Review Roundup: Donmar Warehouse's VERSAILLES
The Donmar Warehouse is currently presenting Peter Gill's VERSAILLES. In the drawing room of the Rawlinson's late Victorian villa in Kent, life as it was lived before the war is quietly resuming its place. The family's son, Leonard Rawlinson, is among the British delegation sent to Versailles to draw up the treaty that will come to define Europe, the Middle East and the rest of the world. With the ghost of a fallen loved one still haunting him, Leonard perceives that the choices made in Paris will shape the fate of millions for centuries to come.
At the start of the hundredth anniversary of the outbreak of hostilities in 1914, this major new play draws startling connections between this pivotal moment at the end of WWI and the world we live in today, reminding us that the past is not a foreign country.
Let's see what the critics had to say...
Charles Spencer, Telegraph: For a dramatist of Gill's experience the writing is, at times, surprisingly inept. The most moving moment in the play comes from a bereaved father, beautifully played by Christopher Godwin, who has lost his son in the war. But the character is wheeled on at the end almost as an afterthought. And several other characters are so sketchily written that they barely exist.
Henry Hitchings, Evening Standard: The play's range and polemical ambition are admirable - in its hefty seriousness it calls to mind the work of George Bernard Shaw, and there are some wickedly pointed lines. But only in the final third does it seem intimately human, and by then we've had to endure a lot of turgid debate.
Michael Billington, Guardian: Gill's play runs for three hours, and I loved every minute of it. Set over six months in 1919, the play starts in the Kent household of the Rawlinson family, whose son, Leonard, is shortly to leave for Paris as part of the British delegation to the Peace Conference. In the middle act, set in Paris, we see Leonard vainly arguing against French appropriation of Germany's coal-producing Saar Basin, and in the final act a disillusioned Leonard returns home and shocks family and friends with his declaration that the conflict in the heart of Europe remains unresolved.
MIchael Coveney, Whatsonstage: The production is handsomely designed by Richard Hudson and gorgeously lit by Paul Pyant so that the characters have a sort of secular radiance about them, fixed as vividly in the past as Gerald's ghost is challengingly alive in the present. In the centenary year of the Great War I suspect we've just been handed a superb new play that is anything but emptily commemorative.

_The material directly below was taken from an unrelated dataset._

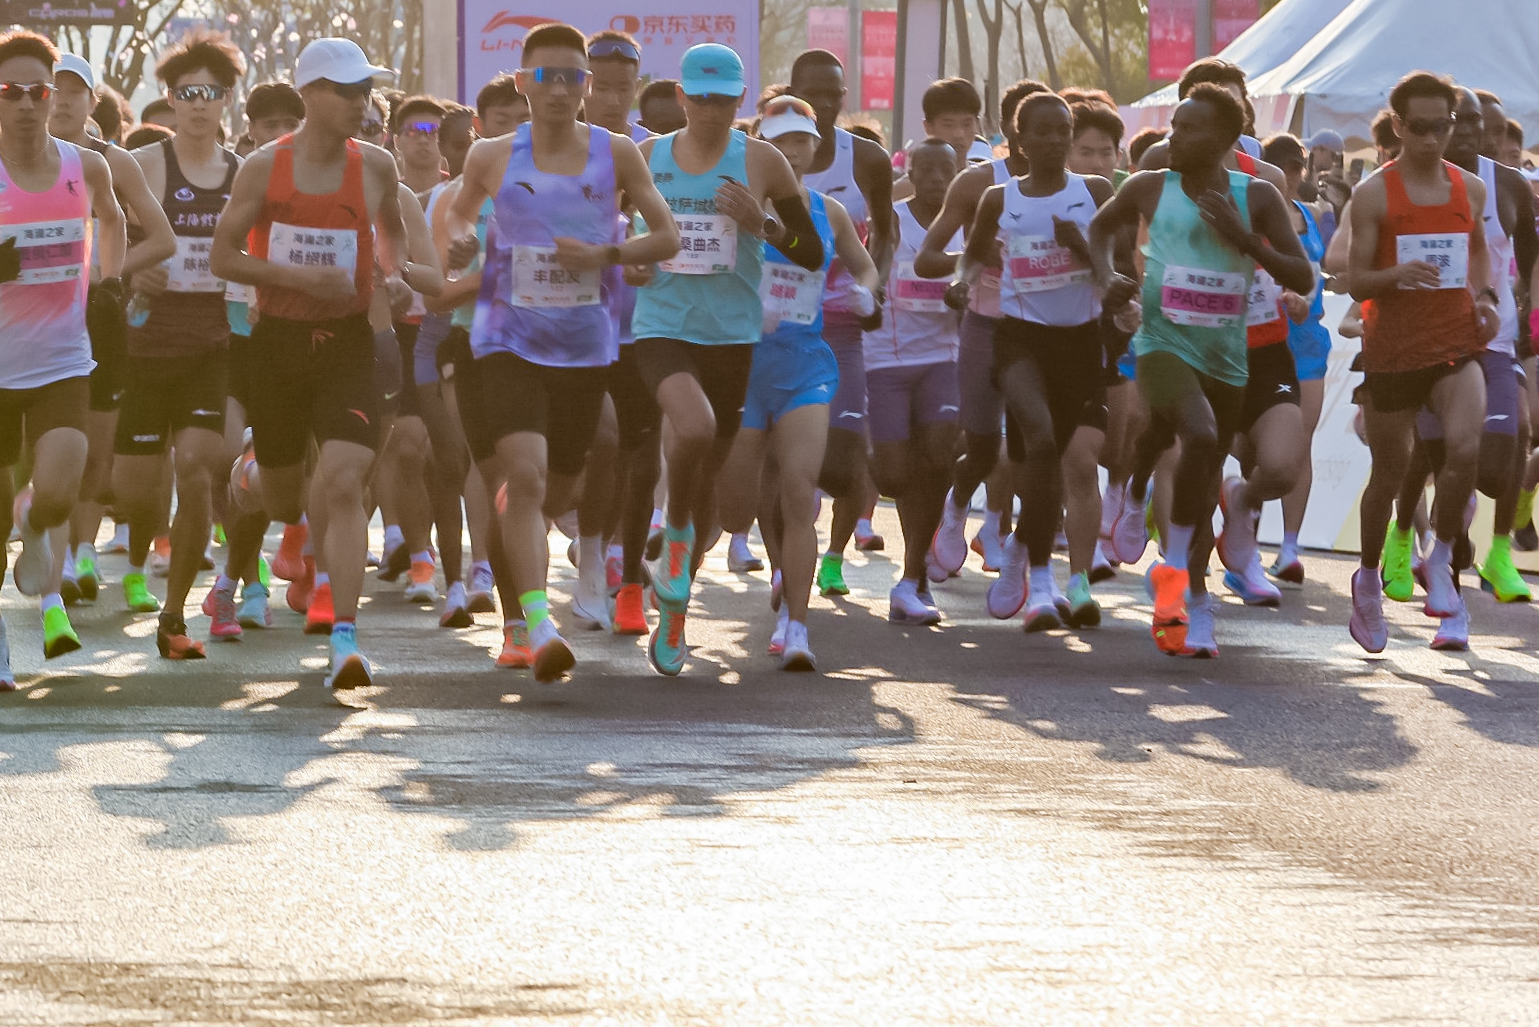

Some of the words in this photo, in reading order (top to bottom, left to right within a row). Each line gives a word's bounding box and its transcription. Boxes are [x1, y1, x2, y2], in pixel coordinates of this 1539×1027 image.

[643, 15, 737, 34] 京东买药
[1029, 252, 1071, 270] ROBE
[1170, 289, 1219, 310] PACE
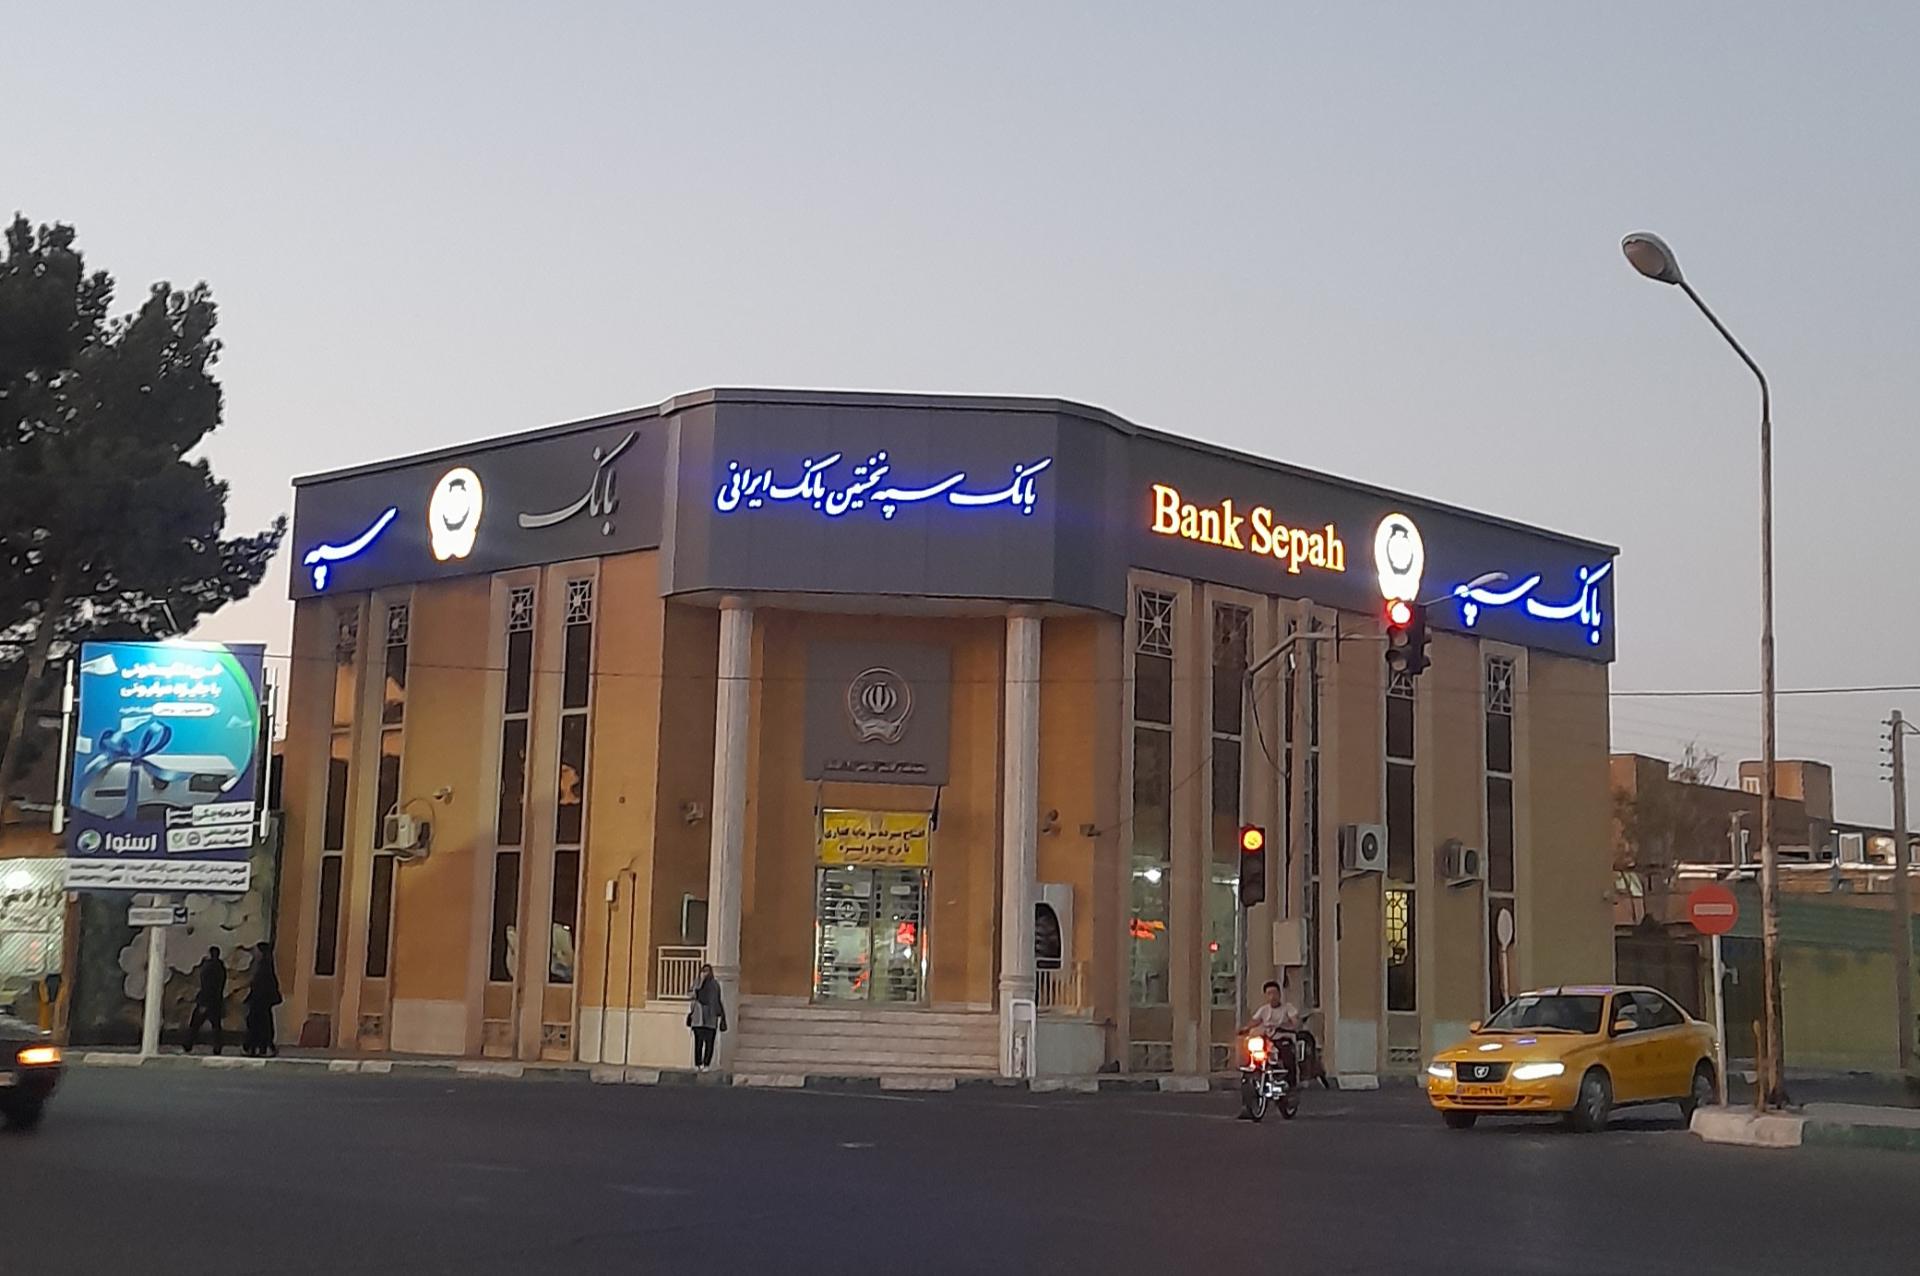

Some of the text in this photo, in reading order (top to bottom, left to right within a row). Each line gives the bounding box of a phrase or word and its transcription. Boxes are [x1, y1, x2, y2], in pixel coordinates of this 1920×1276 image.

Paul Taylor, Independent: Versailles contends that the educated middle-classes wasted a historic opportunity to change the ground-rules through a cowardly, self-interested collusion with the powers-that-be. "The task ahead lies in finding an elite whose object is make itself redundant," declares the spectral lover. The outer acts of this three hour piece are set in the Rawlinsons' arts and crafts Kent villa, presided over by Francesca Annis's bossy matriarch. Though Leonard tends to turn any gathering into a geopolitical seminar, the play wittily and movingly evokes a society struggling to adjust to the problems of peace. Barbara Flynn is horribly funny and affecting as a bereaved mother whose grief gives her licence to offload some dogmatically illiberal pronouncements. Josh O'Connor is deeply touching as Hugh, a charming chinless wonder who, after his experiences at the Front and being messed around by the Rawlinson daughter, withdraws into sad, unassuming reticence ("I find it necessary to be with someone who has heard a shell explode"). Written in the proud tradition of Shaw and Granville-Barker, Versailles is too overt in its designs on us and makes for a long evening but it rewards persistence.